• **PROBLEM DESCRIPTION**
Leave out the pictures and output the data verbatim.

#### TASK MATERIAL

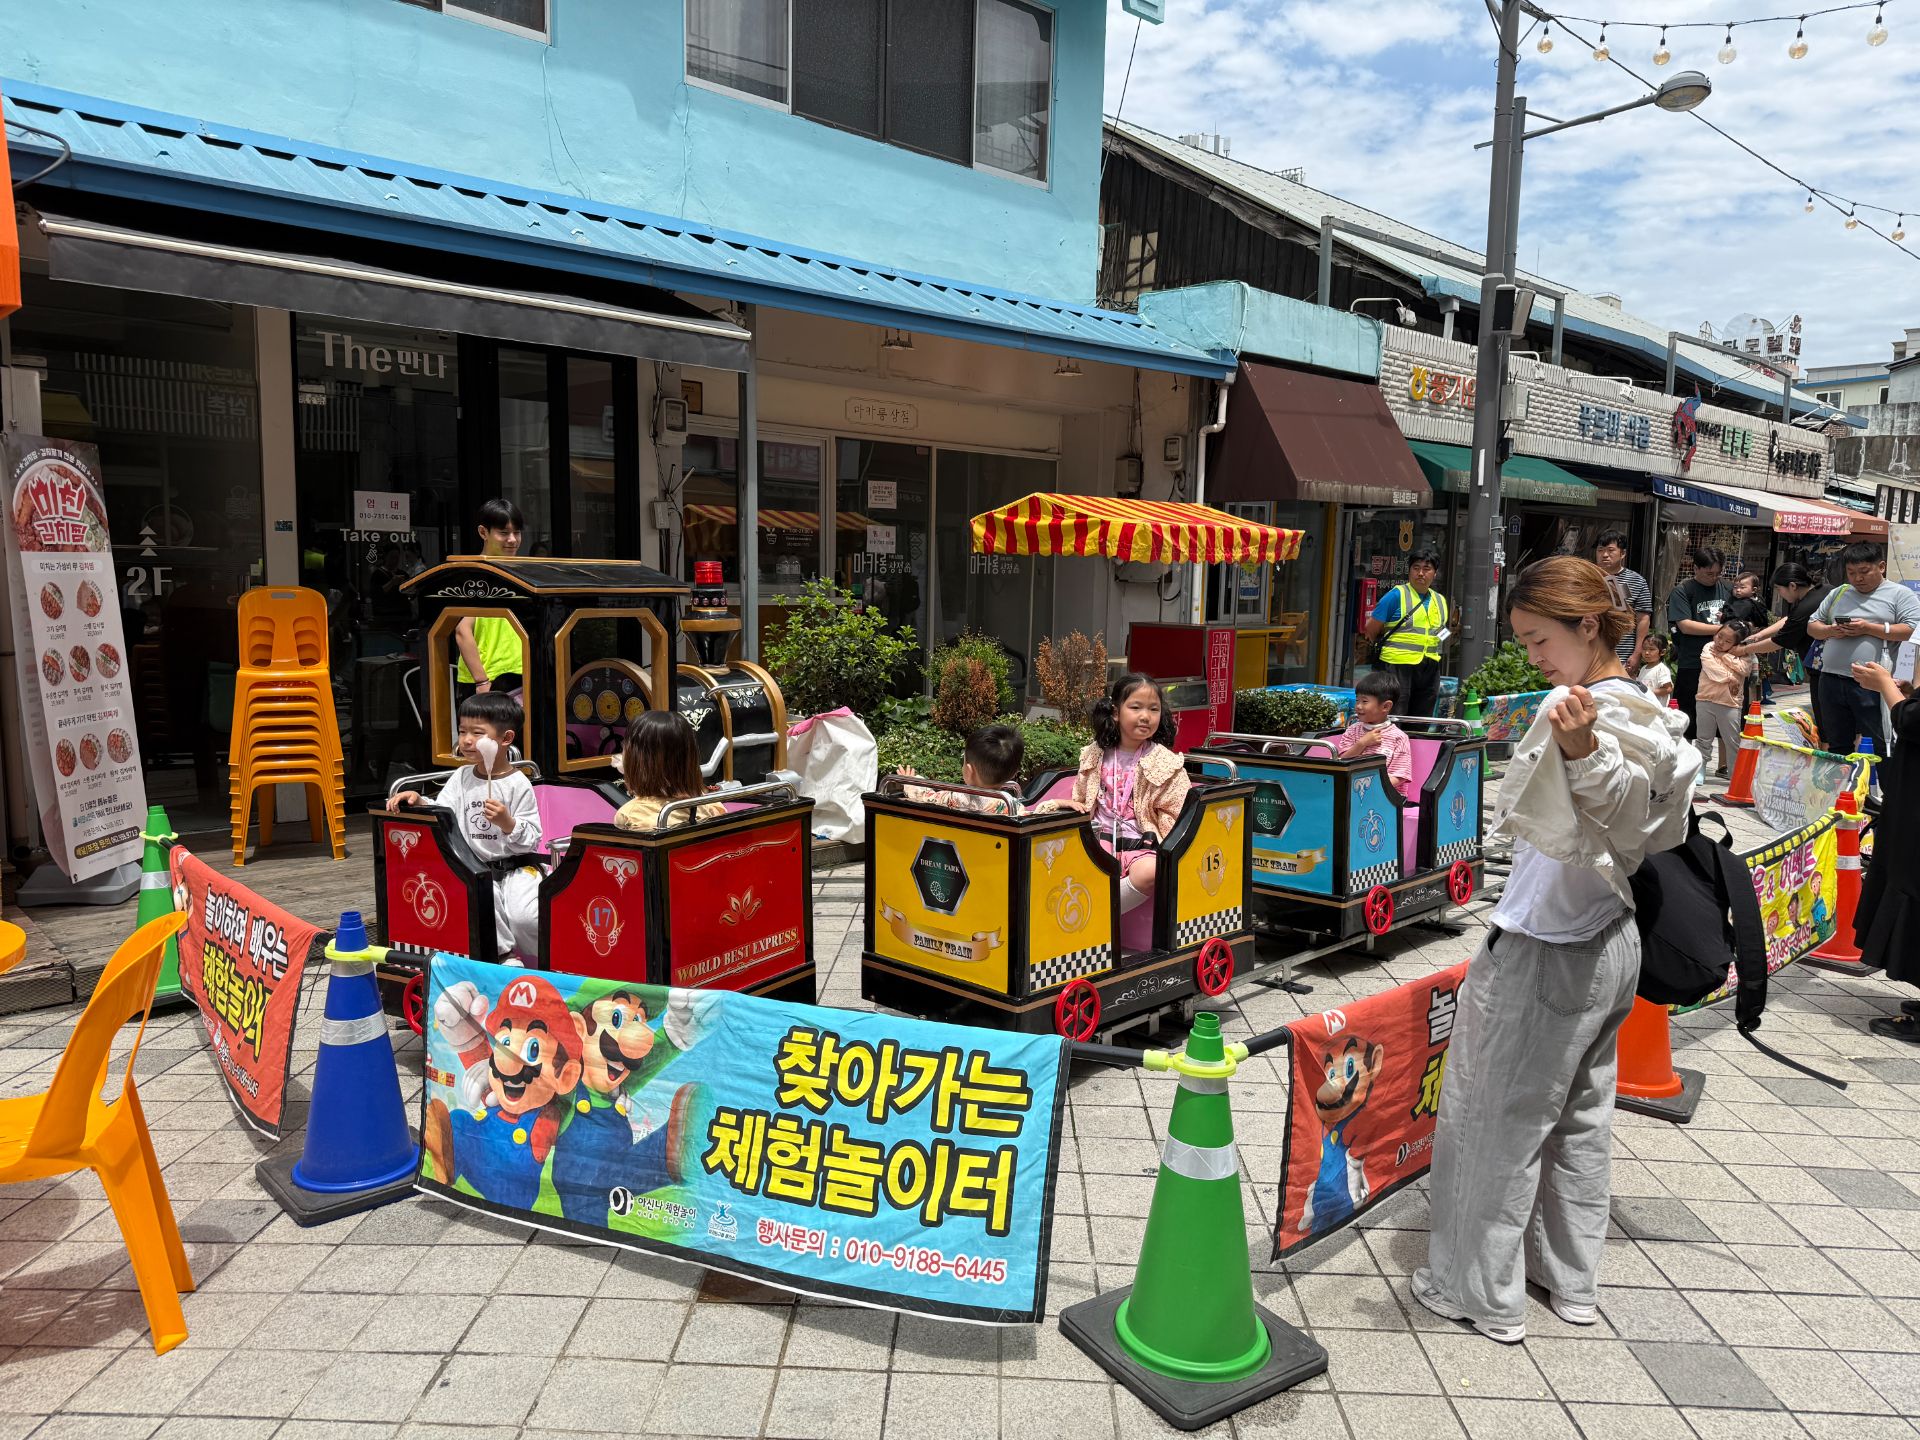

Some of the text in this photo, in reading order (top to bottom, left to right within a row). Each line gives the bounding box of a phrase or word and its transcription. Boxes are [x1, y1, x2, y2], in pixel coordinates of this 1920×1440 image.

[316, 331, 448, 379] The 만나
[1625, 413, 1650, 449] 식품
[29, 473, 86, 519] 미친
[366, 499, 399, 511] 임 대
[33, 518, 89, 545] 김치찜
[339, 528, 417, 543] Take out
[853, 551, 887, 575] 마카롱
[970, 554, 999, 575] 마카롱
[126, 567, 173, 596] 2F
[1270, 798, 1287, 806] PARK
[920, 858, 961, 875] DREAM PARK
[1206, 850, 1220, 873] 15
[1270, 859, 1297, 873] TRAIN
[593, 906, 612, 929] 17
[204, 883, 289, 980] 놀이하며 배우는
[676, 928, 799, 982] WORLD BEST EXPRESS
[913, 933, 974, 960] FAMILY TRAIN
[775, 1028, 1031, 1135] 찾아가는
[704, 1109, 1016, 1234] 체험놀이터
[638, 1196, 664, 1212] 아신나
[665, 1202, 697, 1220] 체험놀이
[757, 1220, 825, 1256] 행사문의
[845, 1239, 1007, 1283] 010-9188-6445
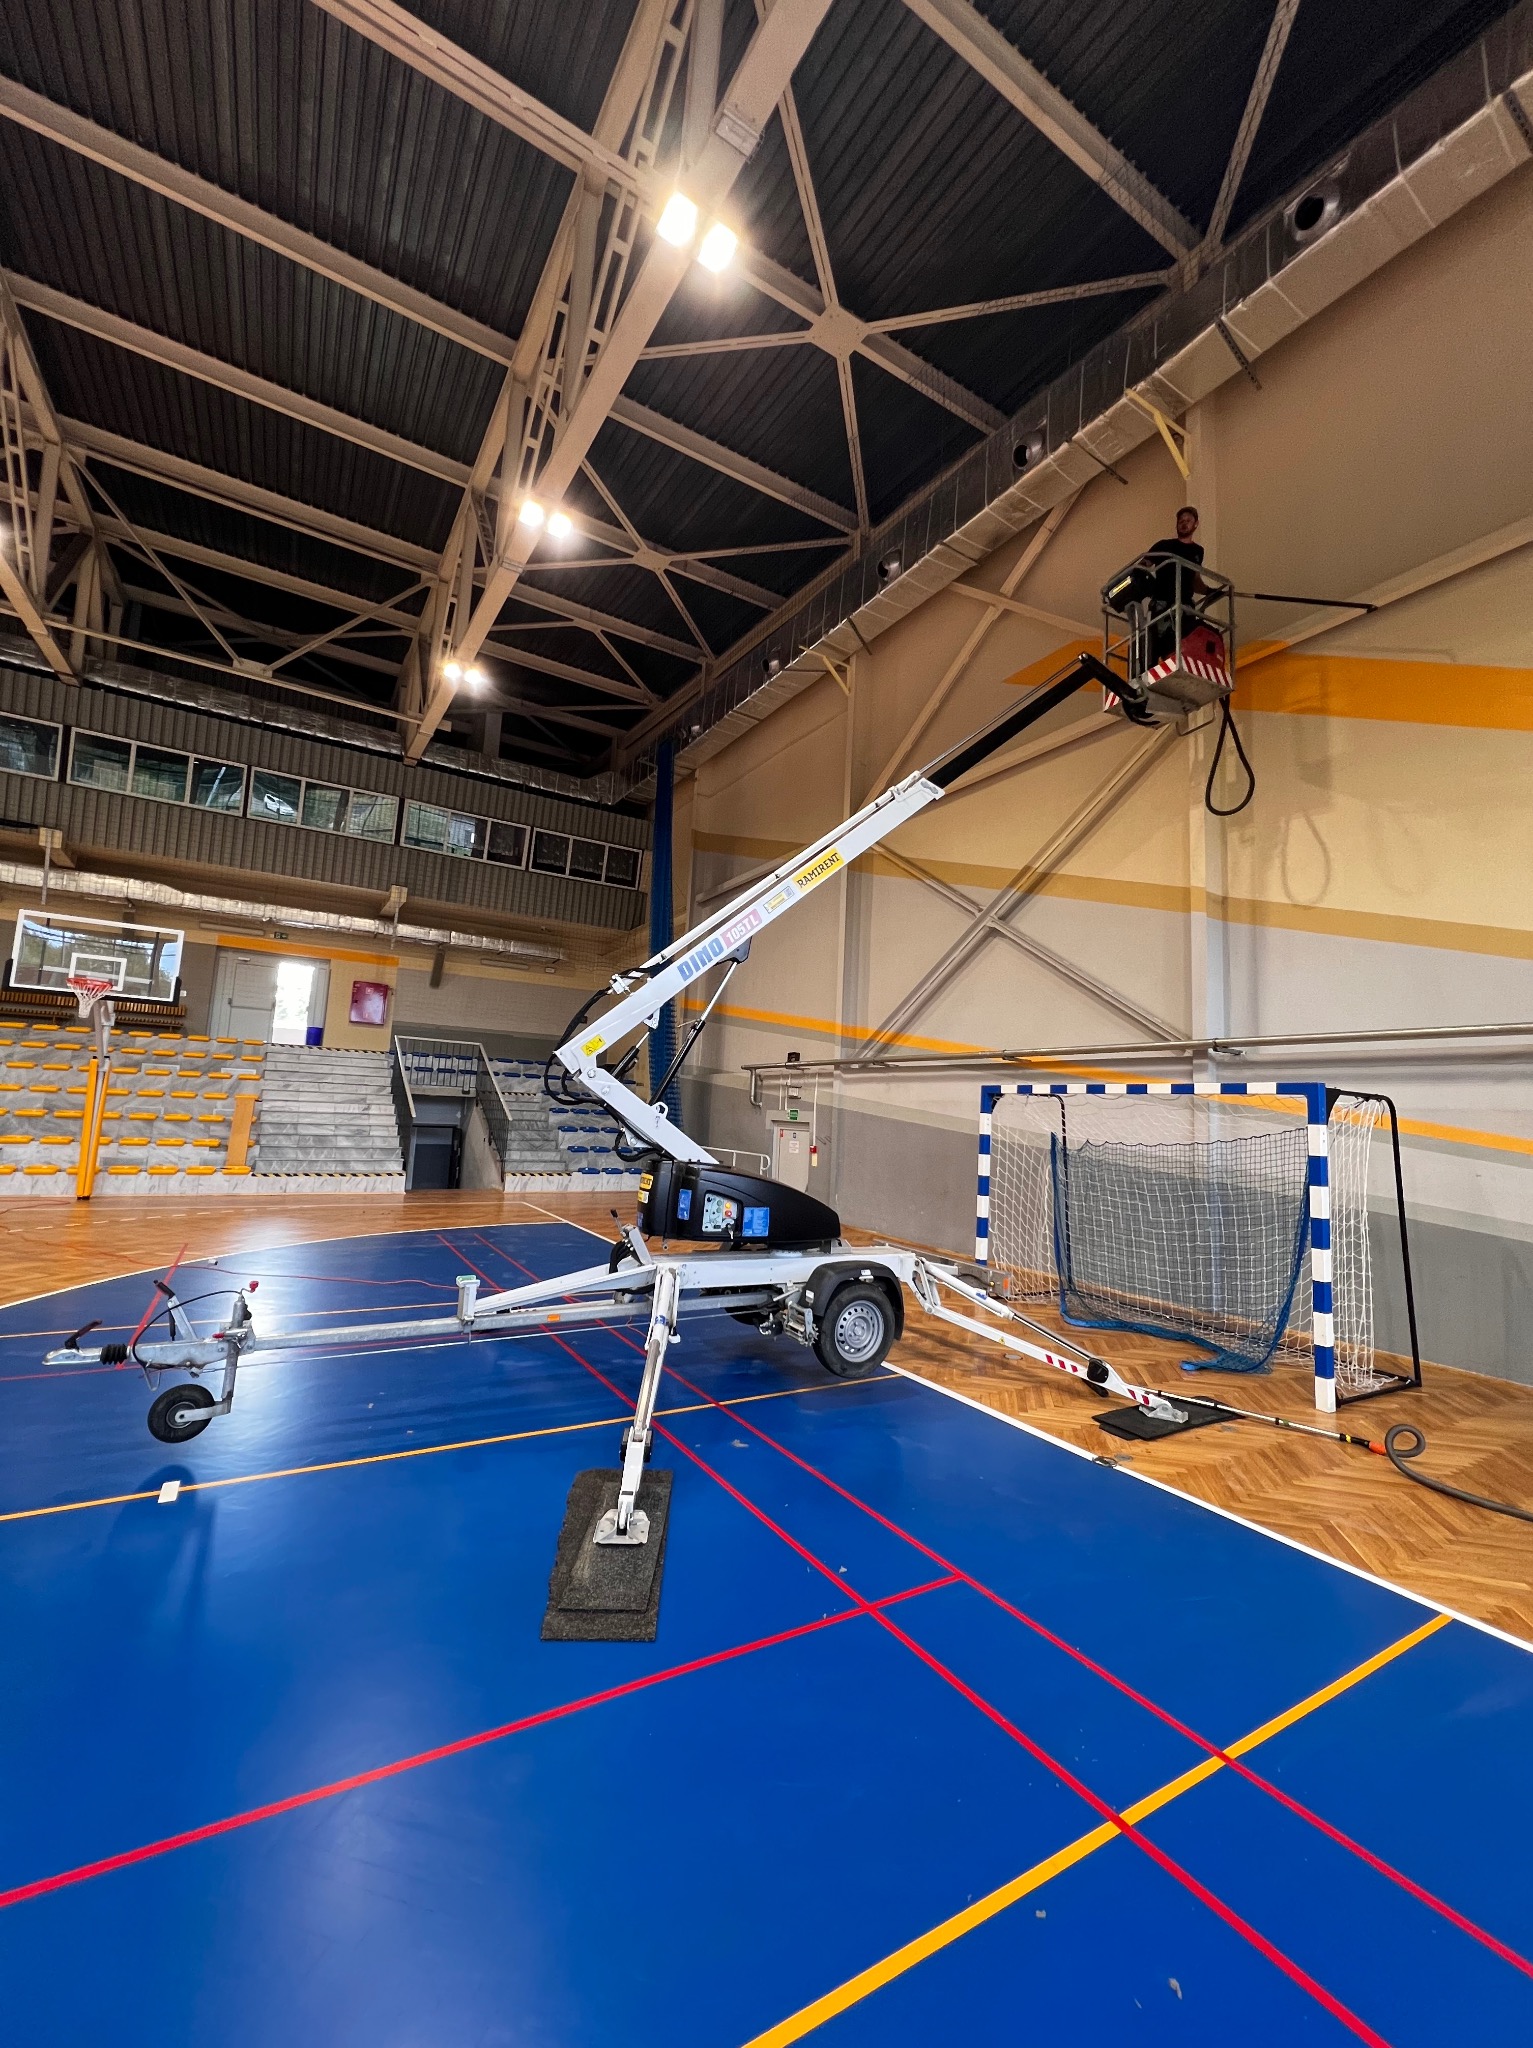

########

• **SOLUTION TO THIS PROBLEM**
Some of the text in this photo, in reading order (top to bottom, left to right within a row). Each line gives the bounding box of a phrase or word and its transcription. Boxes are [x1, y1, x2, y2], in pixel coordinates of this 1920×1440 image.

[316, 331, 448, 379] The 만나
[1625, 413, 1650, 449] 식품
[29, 473, 86, 519] 미친
[366, 499, 399, 511] 임 대
[33, 518, 89, 545] 김치찜
[339, 528, 417, 543] Take out
[853, 551, 887, 575] 마카롱
[970, 554, 999, 575] 마카롱
[126, 567, 173, 596] 2F
[1270, 798, 1287, 806] PARK
[920, 858, 961, 875] DREAM PARK
[1206, 850, 1220, 873] 15
[1270, 859, 1297, 873] TRAIN
[593, 906, 612, 929] 17
[204, 883, 289, 980] 놀이하며 배우는
[676, 928, 799, 982] WORLD BEST EXPRESS
[913, 933, 974, 960] FAMILY TRAIN
[775, 1028, 1031, 1135] 찾아가는
[704, 1109, 1016, 1234] 체험놀이터
[638, 1196, 664, 1212] 아신나
[665, 1202, 697, 1220] 체험놀이
[757, 1220, 825, 1256] 행사문의
[845, 1239, 1007, 1283] 010-9188-6445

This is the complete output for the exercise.